Published 21 Jan 2022 in cs.CL

Abstract: The increasing scale of general-purpose Pre-trained LLMs (PLMs) necessitates the study of more efficient adaptation across different downstream tasks. In this paper, we establish a Black-box Discrete Prompt Learning (BDPL) to resonate with pragmatic interactions between the cloud infrastructure and edge devices. Particularly, instead of fine-tuning the model in the cloud, we adapt PLMs by prompt learning, which efficiently optimizes only a few parameters of the discrete prompts. Moreover, we consider the scenario that we do not have access to the parameters and gradients of the pre-trained models, except for its outputs given inputs. This black-box setting secures the cloud infrastructure from potential attack and misuse to cause a single-point failure, which is preferable to the white-box counterpart by current infrastructures. Under this black-box constraint, we apply a variance-reduced policy gradient algorithm to estimate the gradients of parameters in the categorical distribution of each discrete prompt. In light of our method, the user devices can efficiently tune their tasks by querying the PLMs bounded by a range of API calls. Our experiments on RoBERTa and GPT-3 demonstrate that the proposed algorithm achieves significant improvement on eight benchmarks in a cloud-device collaboration manner. Finally, we conduct in-depth case studies to comprehensively analyze our method in terms of various data sizes, prompt lengths, training budgets, optimization objectives, prompt transferability, and explanations of the learned prompts. Our code will be available at https://github.com/shizhediao/Black-Box-Prompt-Learning.

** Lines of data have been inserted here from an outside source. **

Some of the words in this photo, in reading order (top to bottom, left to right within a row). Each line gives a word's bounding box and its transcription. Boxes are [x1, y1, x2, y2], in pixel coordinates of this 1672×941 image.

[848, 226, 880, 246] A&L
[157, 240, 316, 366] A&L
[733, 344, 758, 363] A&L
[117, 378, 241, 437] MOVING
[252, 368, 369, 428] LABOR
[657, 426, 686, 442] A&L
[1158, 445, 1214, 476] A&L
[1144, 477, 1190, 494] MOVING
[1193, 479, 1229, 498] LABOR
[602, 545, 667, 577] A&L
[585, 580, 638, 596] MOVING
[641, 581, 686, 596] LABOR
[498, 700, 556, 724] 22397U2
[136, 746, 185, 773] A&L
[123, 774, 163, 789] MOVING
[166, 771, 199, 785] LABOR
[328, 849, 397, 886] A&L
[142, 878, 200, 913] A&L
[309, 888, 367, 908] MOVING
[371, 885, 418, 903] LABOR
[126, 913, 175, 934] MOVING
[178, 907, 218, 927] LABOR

Black-Box Prompt Learning for Pre-trained LLMs

The research paper, "Black-Box Prompt Learning for Pre-trained LLMs," introduces a novel approach to efficiently adapt large Pre-trained LLMs (PLMs) for diverse downstream tasks through Black-box Discrete Prompt Learning (BDPL). This method is particularly relevant in contexts where the parameters and gradients of PLMs are inaccessible, limiting the adaptation processes to interactions solely with the model's outputs given specific inputs. This constraint is typical in scenarios where PLMs are accessible as APIs hosted on cloud infrastructure, such as OpenAI's GPT-3, with considerations for commercial security and cost-effective operations across cloud and edge devices.

Methodology Overview

The BDPL framework focuses on optimizing discrete prompts instead of fine-tuning PLM parameters. This approach maintains computational efficiency by minimizing the number of parameters necessary for tuning, enhancing compatibility with black-box settings that protect underlying model infrastructures from exploitation. The discrete nature of the prompts is significant for interpretability, presenting an advantage over continuous prompt methods by allowing direct implementation and understanding of learned strategies within API environments that exclusively support discrete input constructs.

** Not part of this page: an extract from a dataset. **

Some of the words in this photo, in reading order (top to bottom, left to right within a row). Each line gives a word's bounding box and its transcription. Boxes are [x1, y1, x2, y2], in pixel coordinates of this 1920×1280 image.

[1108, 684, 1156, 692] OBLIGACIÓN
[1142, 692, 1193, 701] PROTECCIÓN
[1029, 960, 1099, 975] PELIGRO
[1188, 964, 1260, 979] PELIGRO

The core of BDPL is its reliance on a variance-reduced policy gradient algorithm, designed to estimate gradients for the categorical distribution governing each discrete prompt token selection. In essence, the methodology distills the prompt learning task into a token selection process, optimized by gradient-free techniques due to the absence of accessible model gradients. The policy gradient method employed provides a means to refine this selection by iteratively querying PLM outputs and adjusting prompt strategies based on loss feedback derived from API predictions.

Results and Discussion

Experimental validation conducted on models such as RoBERTa and GPT-3 across various benchmarks illustrates the efficacy of BDPL in enhancing task performance under collaborative cloud-device operations. The results demonstrate notable improvements compared to other tuning methodologies within the constraints of commercial API interactions, emphasizing BDPL's utility in practical applications where model fine-tuning or gradient-based prompt optimization is infeasible.

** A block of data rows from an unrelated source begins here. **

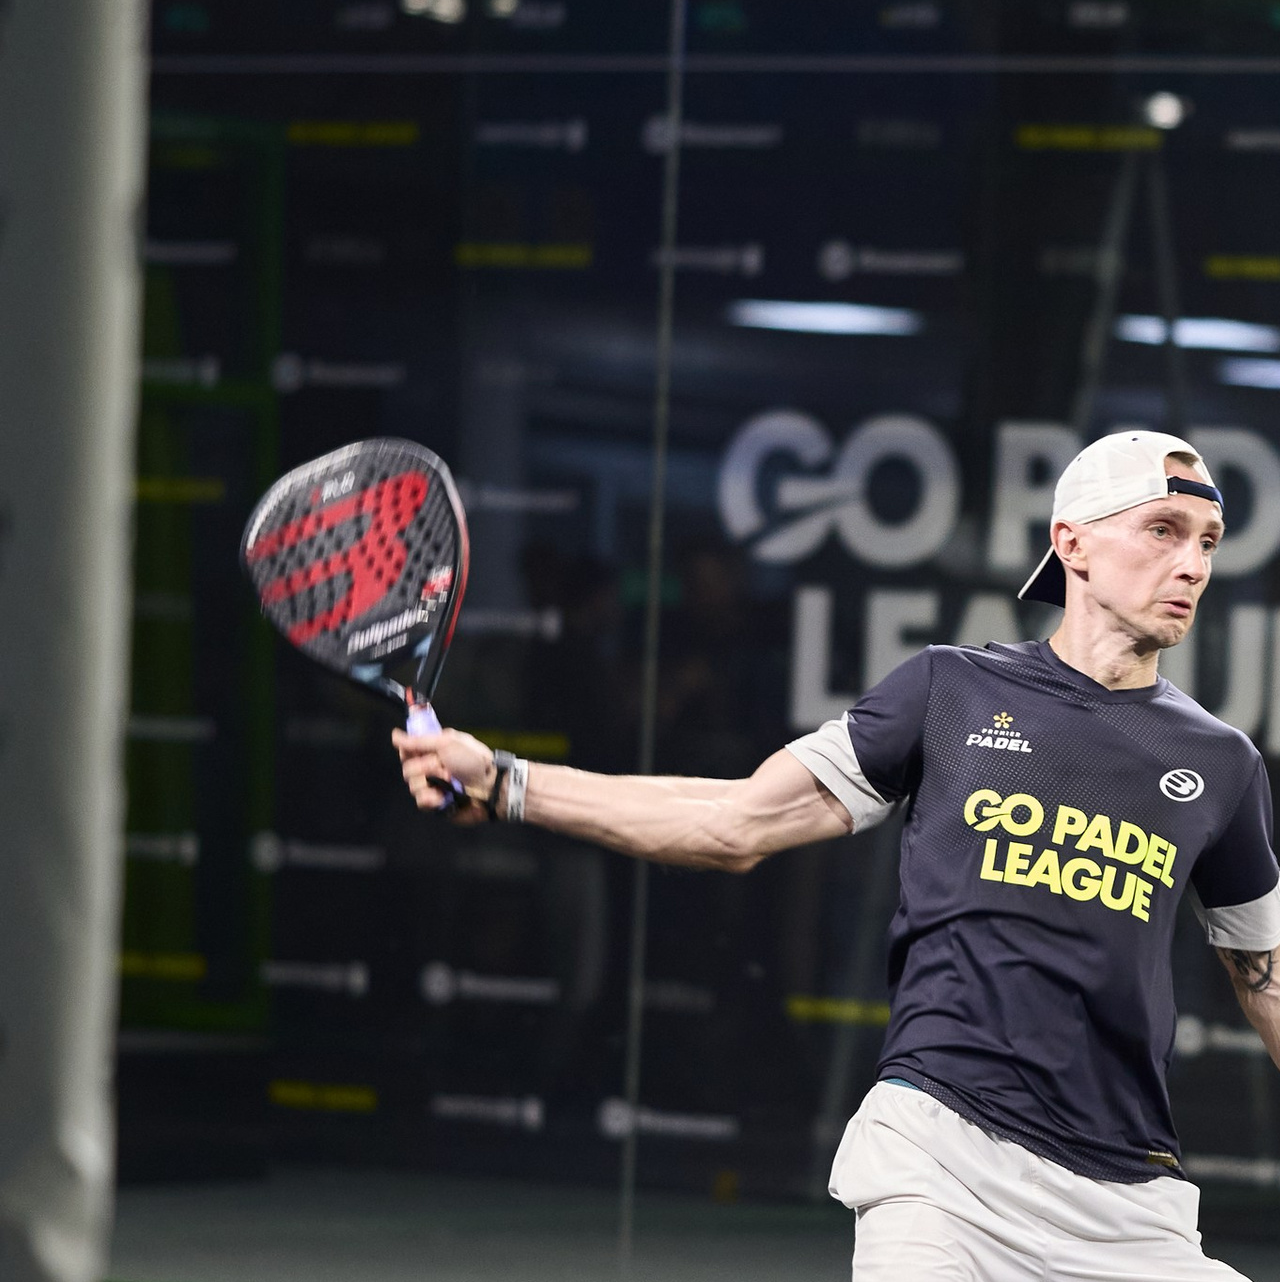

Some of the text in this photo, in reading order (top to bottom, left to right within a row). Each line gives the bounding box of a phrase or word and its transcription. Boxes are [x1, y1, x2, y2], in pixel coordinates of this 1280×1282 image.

[718, 409, 958, 567] GO
[966, 733, 1033, 753] PADEL
[981, 728, 1021, 738] PREMIER
[963, 788, 1178, 889] GO PADEL
[980, 838, 1154, 923] LEAGUE

Key observations from the experiments include:

  1. Data Efficiency: BDPL operates effectively within few-shot learning paradigms, highlighting its robustness against limited training data and potential overfitting.
  2. Prompt Transferability: The discrete prompt tokens exhibit viable transfer capabilities across tasks with shared linguistic structures, suggesting extended applicability in scenarios requiring multiple model deployments with minimal retraining overhead.
  3. Computational Cost: By significantly reducing costs associated with querying PLMs during training, BDPL offers a scalable solution to model adaptation in resource-constrained environments.

Future Directions and Implications

The implications of BDPL extend to broader applications in AI where secure model interactions are critical, encompassing industries with stringent data protection regulations and commercial interests in model integrity. While promising, further research may explore BDPL's adaptability to multi-modal models and its integration into non-textual prediction systems.

Conclusion

This paper underscores a shift towards adaptable and secure prompt learning mechanisms in AI, heralding a direction that balances computational efficiency with interpretability within the black-box model paradigm. The BDPL framework sets a precedent for future explorations into discrete prompt optimization, providing researchers and practitioners with a viable method for enhancing model utility consistent with commercial and ethical standards.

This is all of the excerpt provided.